Kymriah Product Shot
Kymriah, the first-ever FDA-approved chimeric antigen receptor T cell (CAR-T) therapy, can be used to treat certain kinds of blood cancers in young patients. Courtesy of Novartis

When that policy will be released and what it will actually say is still unclear, unlike the path forward for Yescarta. It will be at least a few weeks before patients can be treated with it, and only specific hospitals will be permitted to administer the therapy after going through certain trainings.

One of those hospitals will be Moffitt Cancer Center in Tampa, Florida. The center treated some of the patients in the clinical trials that supported Yescarta's approval.

"We're really excited. We treated a lot of patients on that trial, and we think that it will be a therapy that is here to stay," Dr. Frederick Locke told Newsweek. Locke was one of the principal investigators of the key clinical trial at Moffitt and has been a scientific adviser to Kite, the company that first developed Yescarta.

"These were patients who were really without hope. You know, one-in-10 chance—less than one-in-10 chance—of having a complete remission with chemotherapy," Locke said. "These are patients who have failed many kinds of therapies." But during the clinical trial, 44 percent experienced total, lasting remission. (Others saw less dramatic improvements.)

The treatment works by rejiggering a person's own immune cells and forcing them to attack blood cells that are causing the cancer. "Normally we have these T-cells in our blood and in our lymph nodes that help recognize and fight infection," Locke explained. "Some might recognize flu-infected cells, some might recognize bacteria." These T-cells can recognize out-of-place cells based on certain proteins expressed on their surface. For CAR-T, the T-cells are genetically modified to target a protein called CD-19, which is on the surface of all B-cells and only B-cells. In some lymphomas, those are the cells that are cancerous. When the modified T-cells are put back into a person's system, they look for the cells with that particular protein and attack.

Cancer immunotherapy 1
Cancer cells are seen on a large screen connected to a microscope at the CeBit computer fair in Hanover, Germany, in 2012. REUTERS/Fabian Bimmer

But not all B-cells are cancerous, even in lymphomas; it would be like taking out a person's brain to treat brain cancer. However, unlike our brains, B-cells are not irreplaceable. "We see low B-cells after chemotherapy and in other lymphoma therapy so we can support someone," Locke said.

Theoretically, someone with brain cancer or another kind of cancer could be treated with CAR-T. But scientists would have to find a similarly specific protein for just the cancerous cells in that organ, and that's tough.

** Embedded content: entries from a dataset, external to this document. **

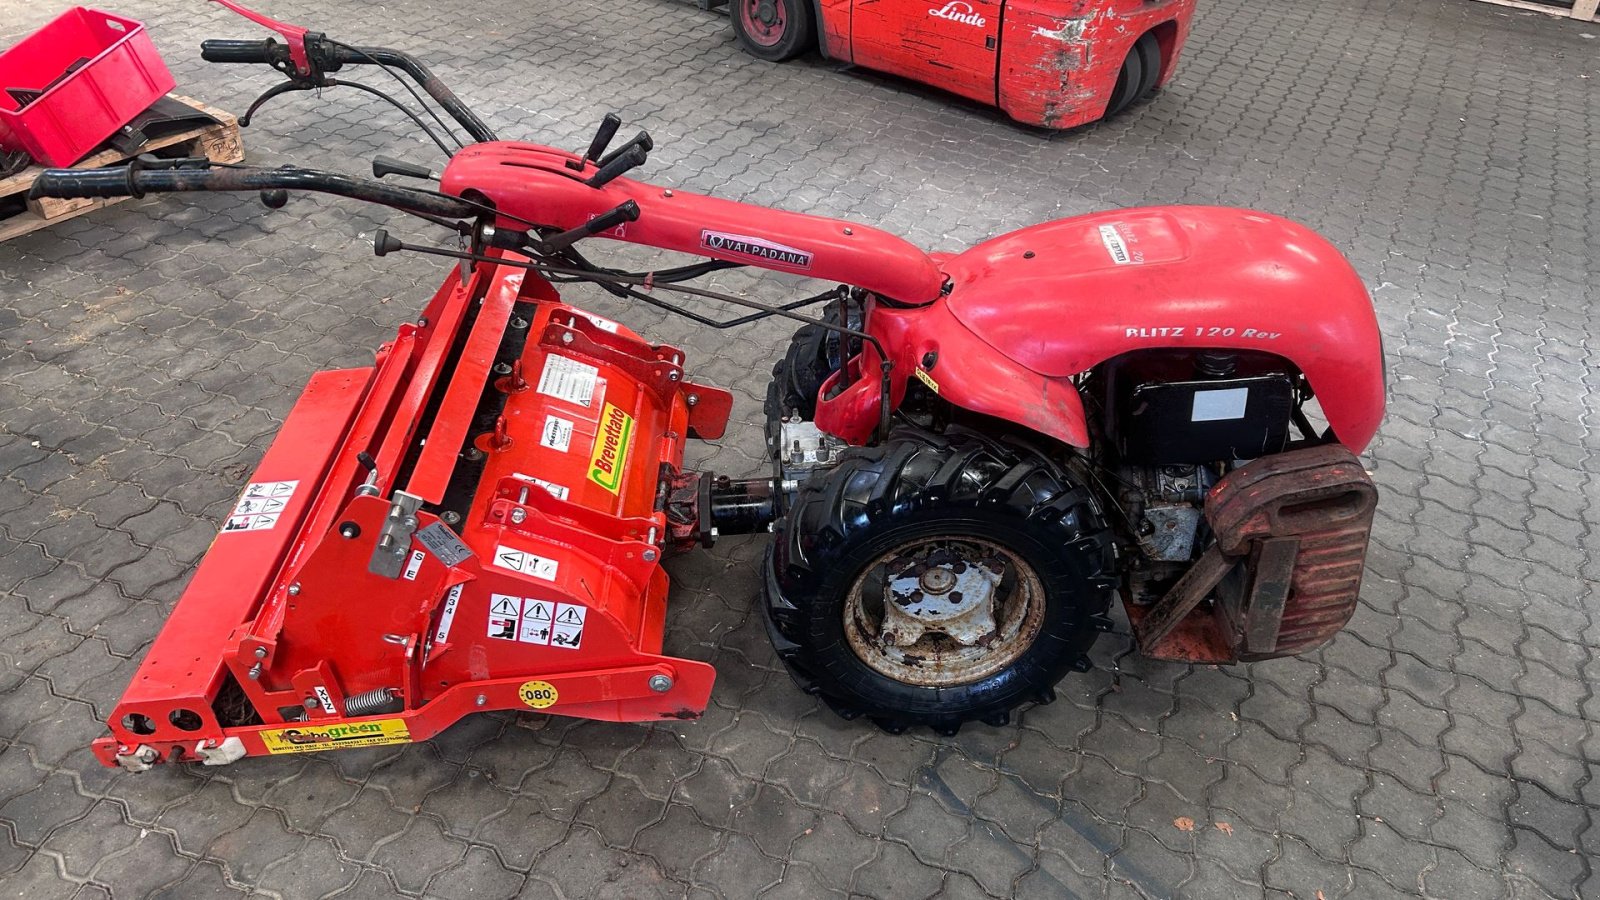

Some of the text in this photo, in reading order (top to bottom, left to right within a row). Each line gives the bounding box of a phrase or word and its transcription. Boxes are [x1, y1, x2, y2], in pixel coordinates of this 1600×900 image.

[928, 0, 986, 28] Linde
[726, 239, 805, 266] VALPADANA
[1126, 326, 1282, 340] BLITZ 120 Rev
[595, 407, 625, 475] Brevettato
[414, 552, 424, 561] S
[406, 570, 416, 579] E
[525, 689, 551, 700] 080

Even for people who have the kinds of cancer that can be conquered with CAR-T, the results aren't guaranteed. It's not clear entirely who benefits from the therapies, Locke said. They also come with the risk of very serious side effects. "We still need to figure out why it doesn't work for everyone. It could be the biology of the tumor, or the immune microenvironment of the tumor or the immune cells of the patient, that could suppress the CAR-T cells themselves."

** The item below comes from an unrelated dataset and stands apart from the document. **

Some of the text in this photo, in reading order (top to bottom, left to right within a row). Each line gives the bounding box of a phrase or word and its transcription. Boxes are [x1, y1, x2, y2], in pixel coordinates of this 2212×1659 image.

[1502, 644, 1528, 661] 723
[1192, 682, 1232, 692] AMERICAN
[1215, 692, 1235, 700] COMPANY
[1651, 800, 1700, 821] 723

And with price tags like the ones attached to these treatments, failure could be very expensive.

Kymriah costs $475,000 per dose; that does not include any of the other care that's needed around the drug to keep people alive without their healthy B-cells. Gilead and Kite announced that Yescarta would have a slightly lower price: Each dose will cost $373,000. However, when Novartis announced Kymriah's approval, the company said it would also implement a so-called "outcome-based pricing" scheme. If a patient didn't go into remission shortly after the treatment—if it didn't work, basically—then he or she wouldn't have to pay for it.

Kite representatives did not respond to messages left asking if they will be following a similar pricing scheme. But as the therapies themselves evolve in the coming years, other companies will be navigating this thorny issue—perhaps sooner rather than later.